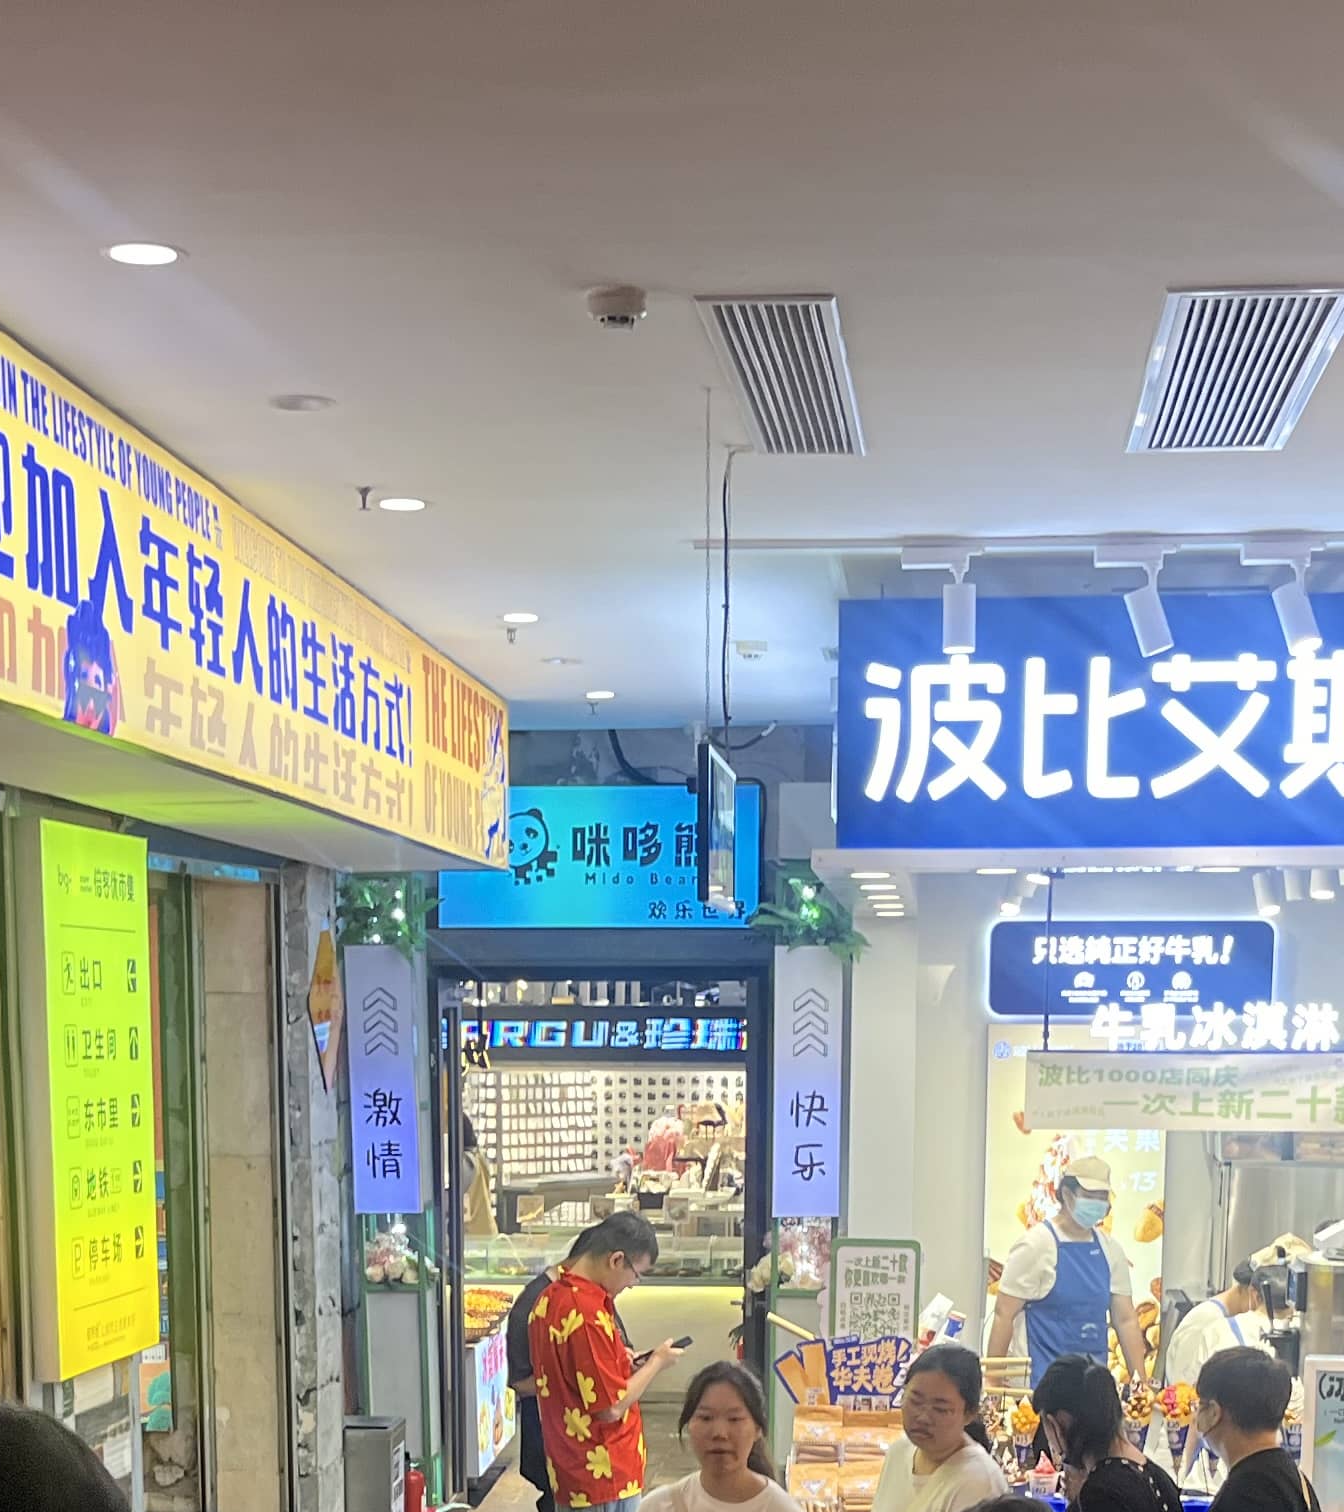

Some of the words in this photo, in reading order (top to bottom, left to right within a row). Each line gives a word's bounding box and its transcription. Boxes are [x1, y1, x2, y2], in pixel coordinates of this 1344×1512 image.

[20, 369, 49, 438] THE
[51, 391, 116, 481] LIFESTYLE
[118, 437, 132, 491] OF
[134, 448, 173, 517] YOUNG
[422, 653, 448, 754] THE
[584, 871, 634, 886] Mido
[80, 956, 103, 990] 出口
[1090, 1000, 1340, 1052] 牛乳冰淇淋
[82, 1029, 117, 1061] 卫生间
[1038, 1062, 1239, 1088] 波比1000店同庆
[84, 1097, 119, 1132] 东市里
[363, 1087, 403, 1180] 激情
[790, 1089, 829, 1181] 快乐
[86, 1166, 109, 1201] 地铁
[88, 1232, 123, 1272] 停车场
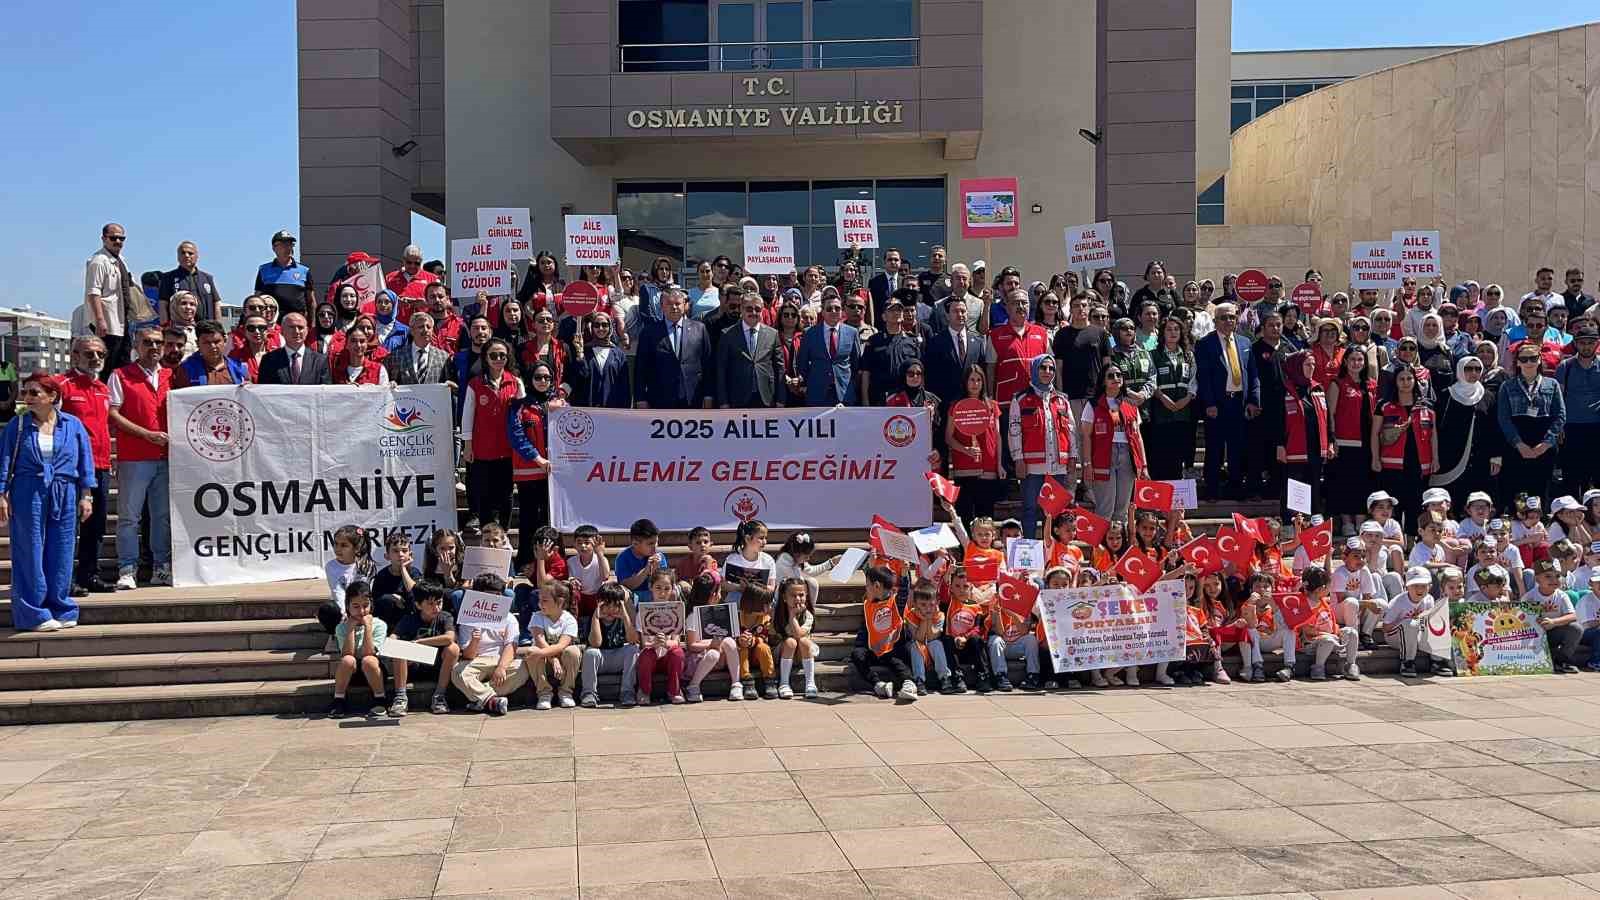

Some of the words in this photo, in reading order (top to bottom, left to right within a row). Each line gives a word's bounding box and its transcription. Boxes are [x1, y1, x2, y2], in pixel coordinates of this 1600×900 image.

[743, 77, 791, 97] T.C.
[627, 104, 770, 129] OSMANİYE
[779, 100, 904, 127] VALİLİĞİ
[844, 202, 868, 215] AİLE
[496, 215, 513, 225] AİLE
[582, 217, 602, 231] AİLE
[843, 219, 872, 229] EMEK
[488, 226, 523, 238] GİRİLMEZ
[844, 232, 874, 243] İSTER
[511, 240, 529, 250] EDİR
[569, 234, 617, 246] TOPLUMUN
[1403, 235, 1430, 247] AİLE
[471, 242, 492, 257] AİLE
[575, 247, 612, 260] ÖZÜDÜR
[758, 244, 780, 254] HAYATI
[1369, 247, 1386, 258] AİLE
[455, 260, 508, 273] TOPLUMUN
[747, 255, 793, 265] PAYLAŞMAKTIR
[1352, 258, 1402, 270] MUTLULUĞUN
[461, 274, 501, 290] ÖZÜDÜR
[650, 419, 715, 440] 2025
[723, 413, 779, 440] AİLE
[787, 418, 837, 440] YILI
[586, 455, 704, 483] AİLEMİZ
[711, 454, 898, 482] GELECEĞİMİZ
[193, 468, 438, 519] OSMANİYE
[194, 527, 314, 561] GENÇLİK
[472, 599, 500, 613] AİLE
[1097, 598, 1159, 619] ŞEKER
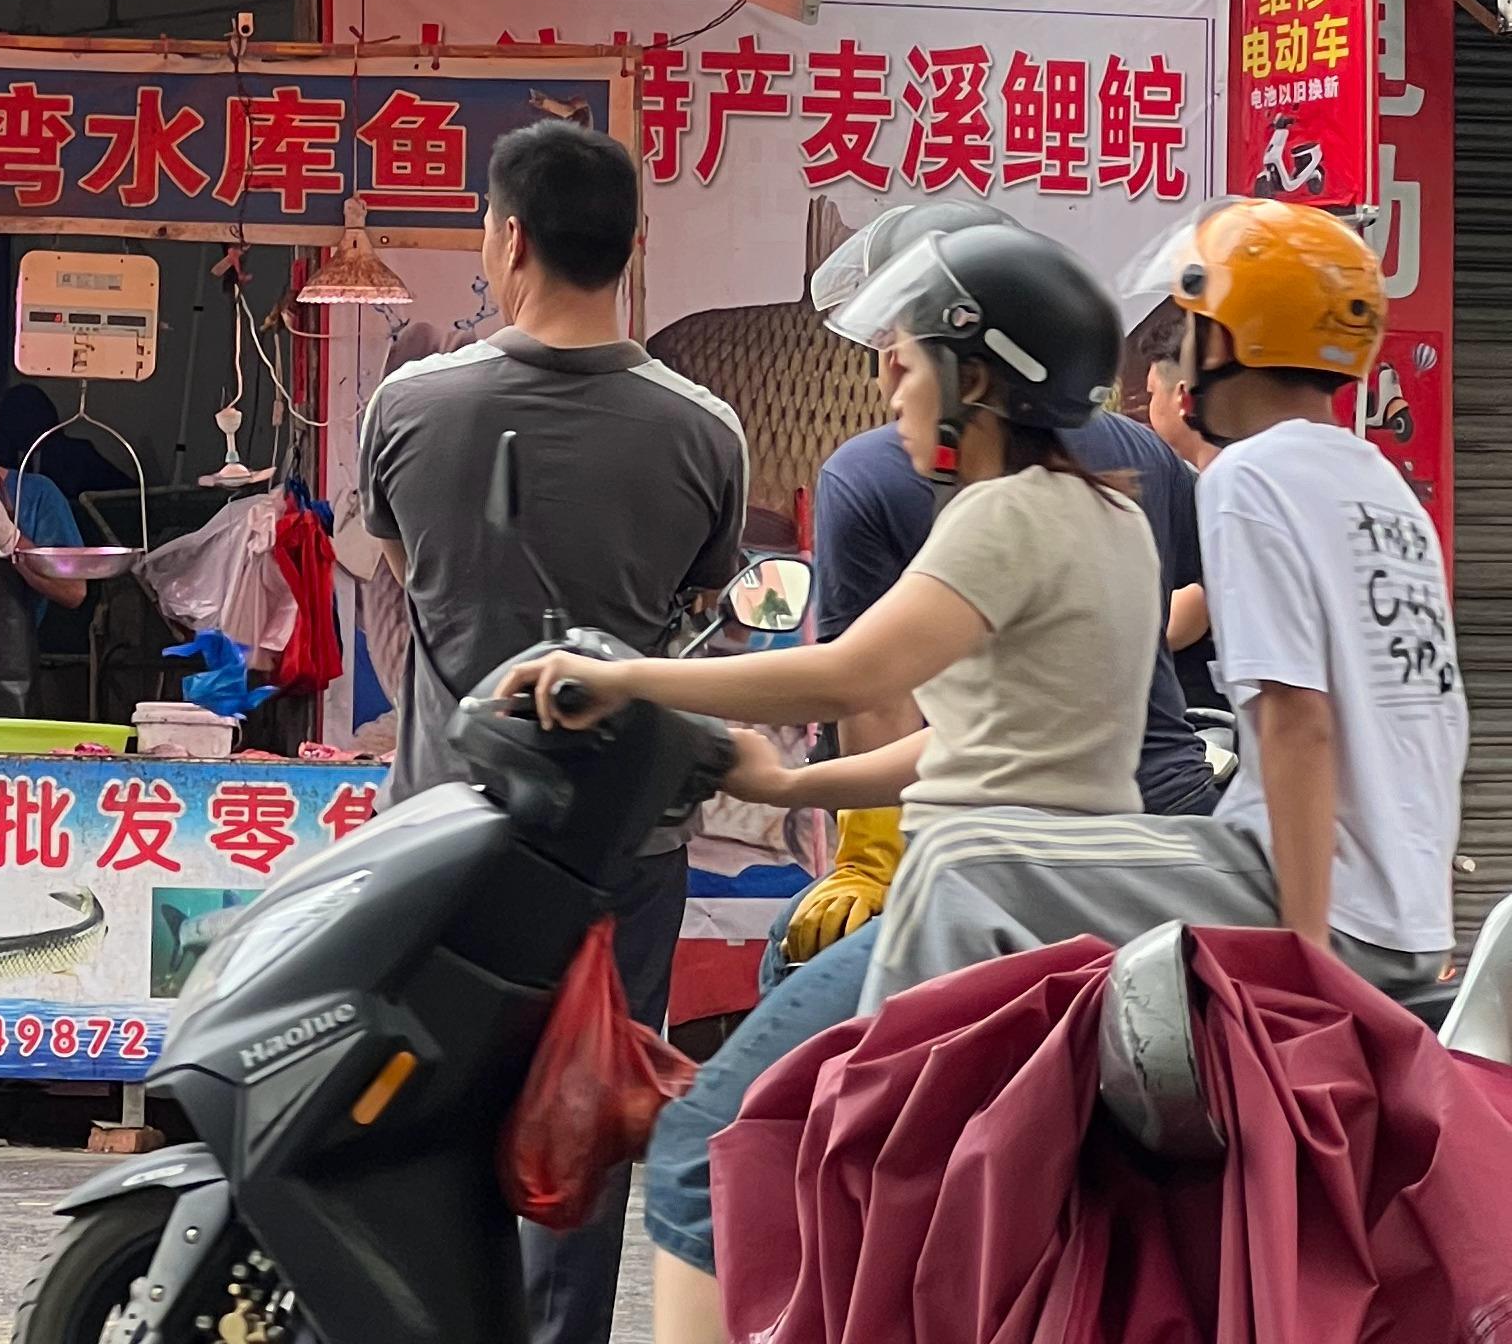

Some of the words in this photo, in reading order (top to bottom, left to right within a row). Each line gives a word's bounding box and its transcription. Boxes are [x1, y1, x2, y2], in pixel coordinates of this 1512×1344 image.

[1242, 13, 1350, 78] 电动车
[420, 22, 1189, 201] 特产麦溪鲤鲩
[1250, 75, 1340, 109] 电池以旧换新
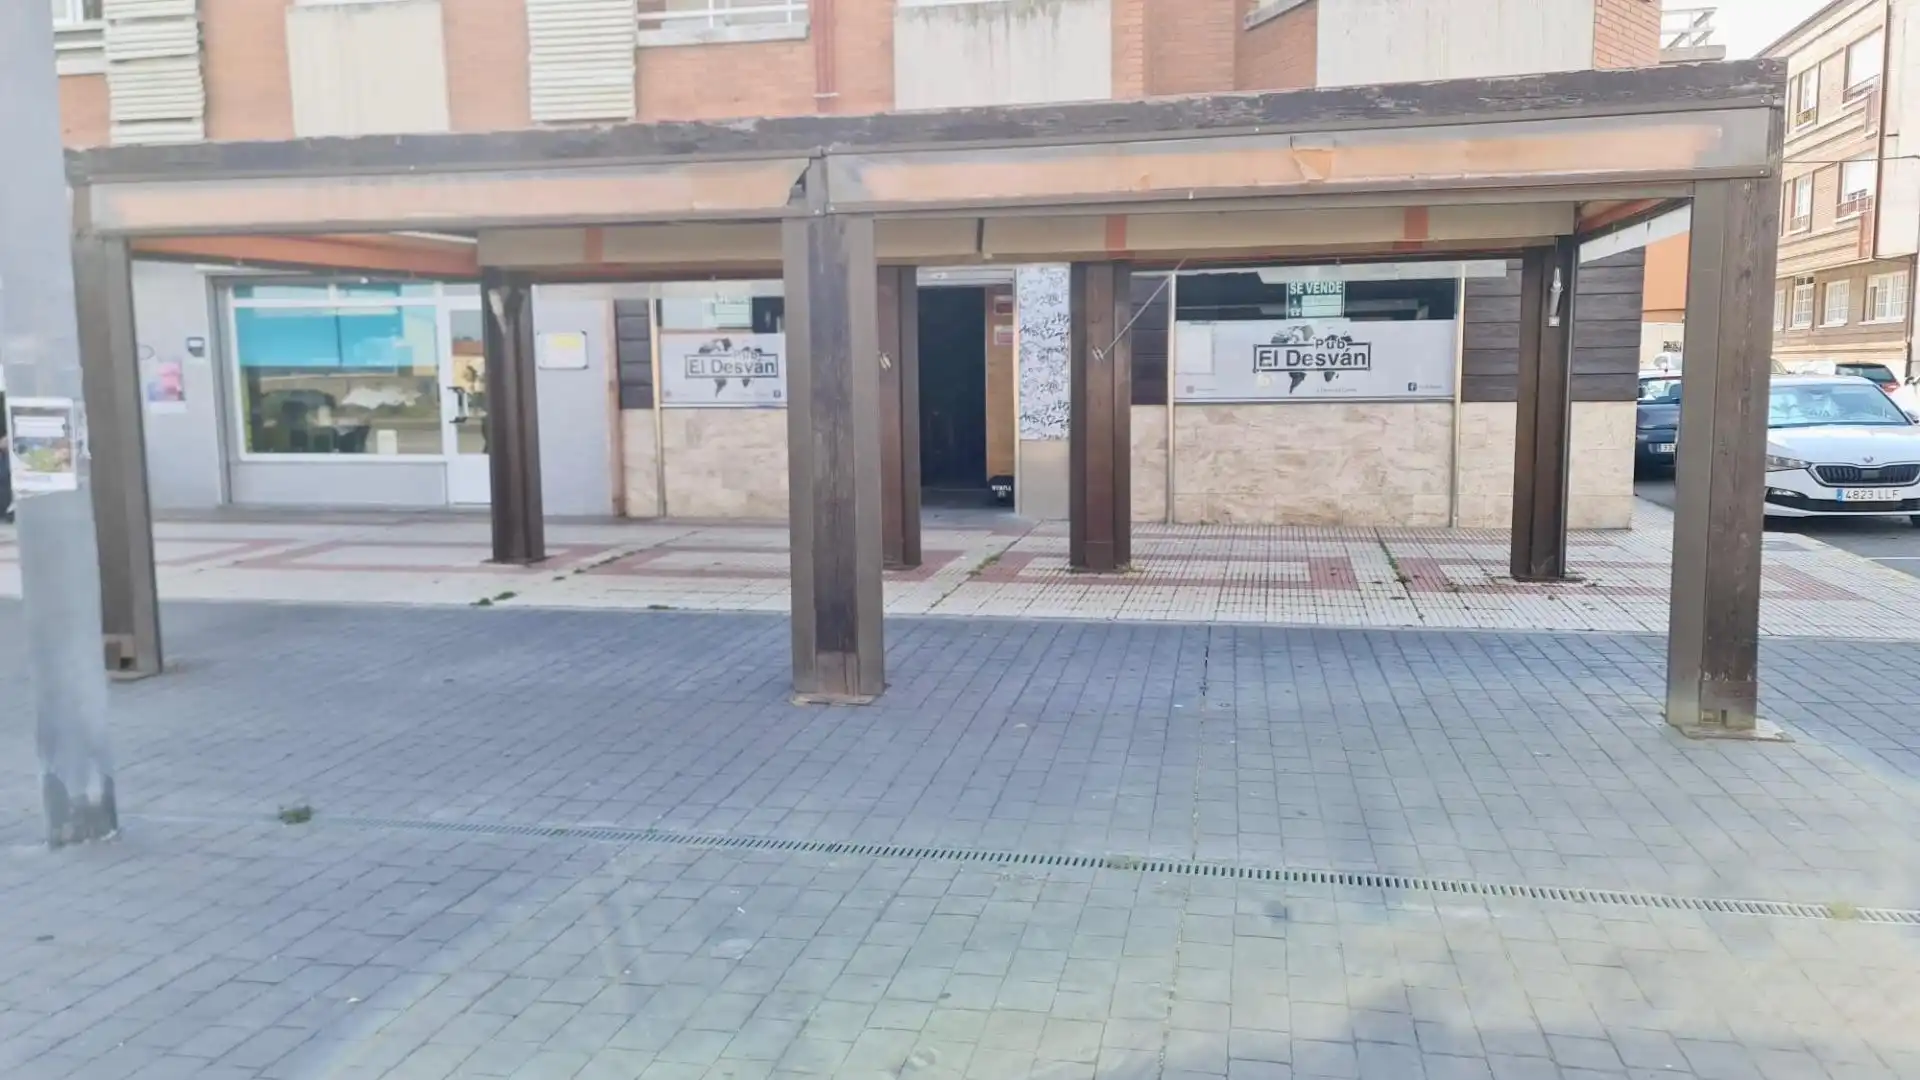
==========
• Problem details: Excluding every picture, set down the listing exactly.

• Response to this task:
Some of the words in this photo, in reading order (top to bottom, left to right within a row). Each line gives a word's bounding box and its transcription. Boxes are [x1, y1, x2, y2], in pixel coordinates of this 1344×1512 image.

[20, 369, 49, 438] THE
[51, 391, 116, 481] LIFESTYLE
[118, 437, 132, 491] OF
[134, 448, 173, 517] YOUNG
[422, 653, 448, 754] THE
[584, 871, 634, 886] Mido
[80, 956, 103, 990] 出口
[1090, 1000, 1340, 1052] 牛乳冰淇淋
[82, 1029, 117, 1061] 卫生间
[1038, 1062, 1239, 1088] 波比1000店同庆
[84, 1097, 119, 1132] 东市里
[363, 1087, 403, 1180] 激情
[790, 1089, 829, 1181] 快乐
[86, 1166, 109, 1201] 地铁
[88, 1232, 123, 1272] 停车场

Some of the words in this photo, in reading order (top to bottom, left to right within a row). Each line gives a word's bounding box and its transcription. Boxes are [x1, y1, x2, y2], in pixel coordinates of this 1600×900 image.

[743, 77, 791, 97] T.C.
[627, 104, 770, 129] OSMANİYE
[779, 100, 904, 127] VALİLİĞİ
[844, 202, 868, 215] AİLE
[496, 215, 513, 225] AİLE
[582, 217, 602, 231] AİLE
[843, 219, 872, 229] EMEK
[488, 226, 523, 238] GİRİLMEZ
[844, 232, 874, 243] İSTER
[511, 240, 529, 250] EDİR
[569, 234, 617, 246] TOPLUMUN
[1403, 235, 1430, 247] AİLE
[471, 242, 492, 257] AİLE
[575, 247, 612, 260] ÖZÜDÜR
[758, 244, 780, 254] HAYATI
[1369, 247, 1386, 258] AİLE
[455, 260, 508, 273] TOPLUMUN
[747, 255, 793, 265] PAYLAŞMAKTIR
[1352, 258, 1402, 270] MUTLULUĞUN
[461, 274, 501, 290] ÖZÜDÜR
[650, 419, 715, 440] 2025
[723, 413, 779, 440] AİLE
[787, 418, 837, 440] YILI
[586, 455, 704, 483] AİLEMİZ
[711, 454, 898, 482] GELECEĞİMİZ
[193, 468, 438, 519] OSMANİYE
[194, 527, 314, 561] GENÇLİK
[472, 599, 500, 613] AİLE
[1097, 598, 1159, 619] ŞEKER

Some of the words in this photo, in reading order (top to bottom, left to right within a row). Each line gives a word's bounding box and its transcription. Boxes are [x1, y1, x2, y2], in pixel coordinates of this 1512×1344 image.

[1242, 13, 1350, 78] 电动车
[420, 22, 1189, 201] 特产麦溪鲤鲩
[1250, 75, 1340, 109] 电池以旧换新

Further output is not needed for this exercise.